_PROBLEM_.
Write out all the entries word for word, but skip any images.

_RECORDS_.
————————

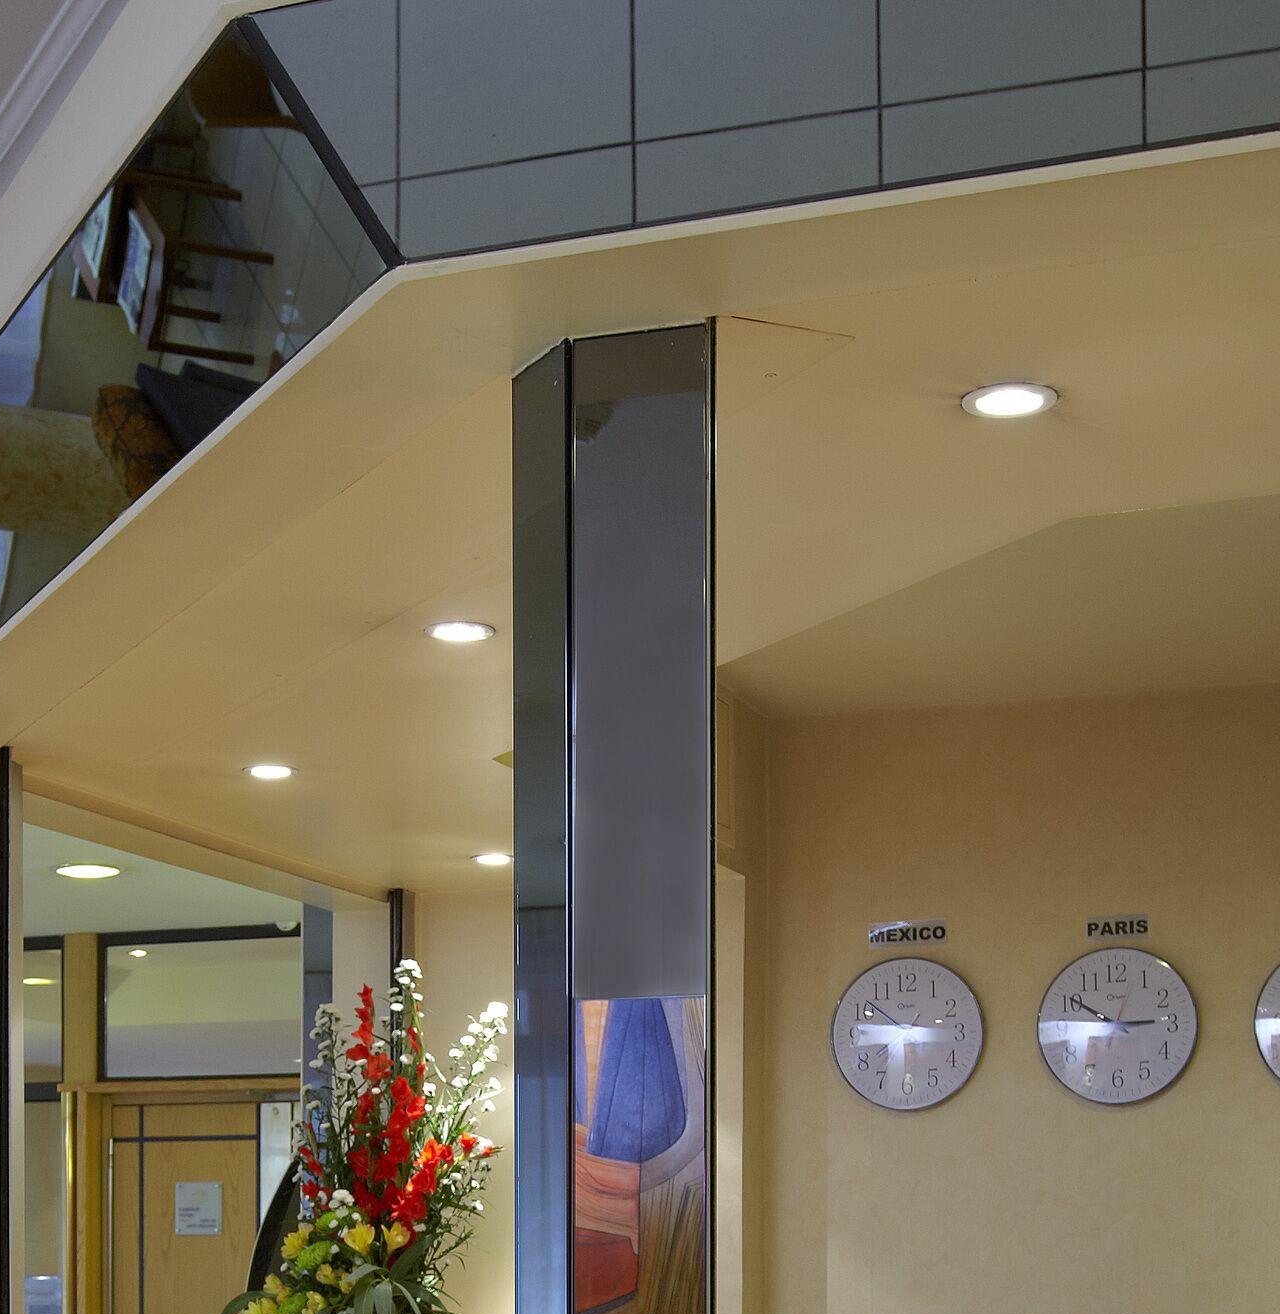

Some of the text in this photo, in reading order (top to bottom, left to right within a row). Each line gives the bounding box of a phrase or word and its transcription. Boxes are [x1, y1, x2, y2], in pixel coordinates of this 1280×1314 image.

[869, 926, 946, 943] MEXICO
[1087, 920, 1148, 936] PARIS
[896, 973, 917, 992] 12
[1081, 973, 1099, 991] 11
[1105, 963, 1127, 983] 12
[1140, 970, 1148, 989] 1
[873, 982, 890, 1000] 11
[929, 980, 936, 998] 1
[1157, 989, 1169, 1008] 2
[855, 1002, 874, 1021] 10
[945, 999, 957, 1017] 2
[1062, 994, 1083, 1013] 10
[954, 1023, 965, 1041] 3
[1056, 1018, 1068, 1038] 9
[1167, 1013, 1179, 1033] 3
[945, 1049, 958, 1068] 4
[1065, 1044, 1077, 1064] 8
[1158, 1041, 1169, 1060] 4
[857, 1052, 869, 1071] 8
[1139, 1061, 1150, 1080] 5
[876, 1071, 886, 1090] 7
[927, 1068, 938, 1087] 5
[1085, 1064, 1096, 1083] 7
[1112, 1069, 1124, 1088] 6
[902, 1075, 913, 1095] 6

————————

_SOLUTION TO THE PROBLEM_.
Some of the text in this photo, in reading order (top to bottom, left to right within a row). Each line gives the bounding box of a phrase or word and its transcription. Boxes are [x1, y1, x2, y2], in pixel coordinates of this 1280×1314 image.

[869, 926, 946, 943] MEXICO
[1087, 920, 1148, 936] PARIS
[896, 973, 917, 992] 12
[1081, 973, 1099, 991] 11
[1105, 963, 1127, 983] 12
[1140, 970, 1148, 989] 1
[873, 982, 890, 1000] 11
[929, 980, 936, 998] 1
[1157, 989, 1169, 1008] 2
[855, 1002, 874, 1021] 10
[945, 999, 957, 1017] 2
[1062, 994, 1083, 1013] 10
[954, 1023, 965, 1041] 3
[1056, 1018, 1068, 1038] 9
[1167, 1013, 1179, 1033] 3
[945, 1049, 958, 1068] 4
[1065, 1044, 1077, 1064] 8
[1158, 1041, 1169, 1060] 4
[857, 1052, 869, 1071] 8
[1139, 1061, 1150, 1080] 5
[876, 1071, 886, 1090] 7
[927, 1068, 938, 1087] 5
[1085, 1064, 1096, 1083] 7
[1112, 1069, 1124, 1088] 6
[902, 1075, 913, 1095] 6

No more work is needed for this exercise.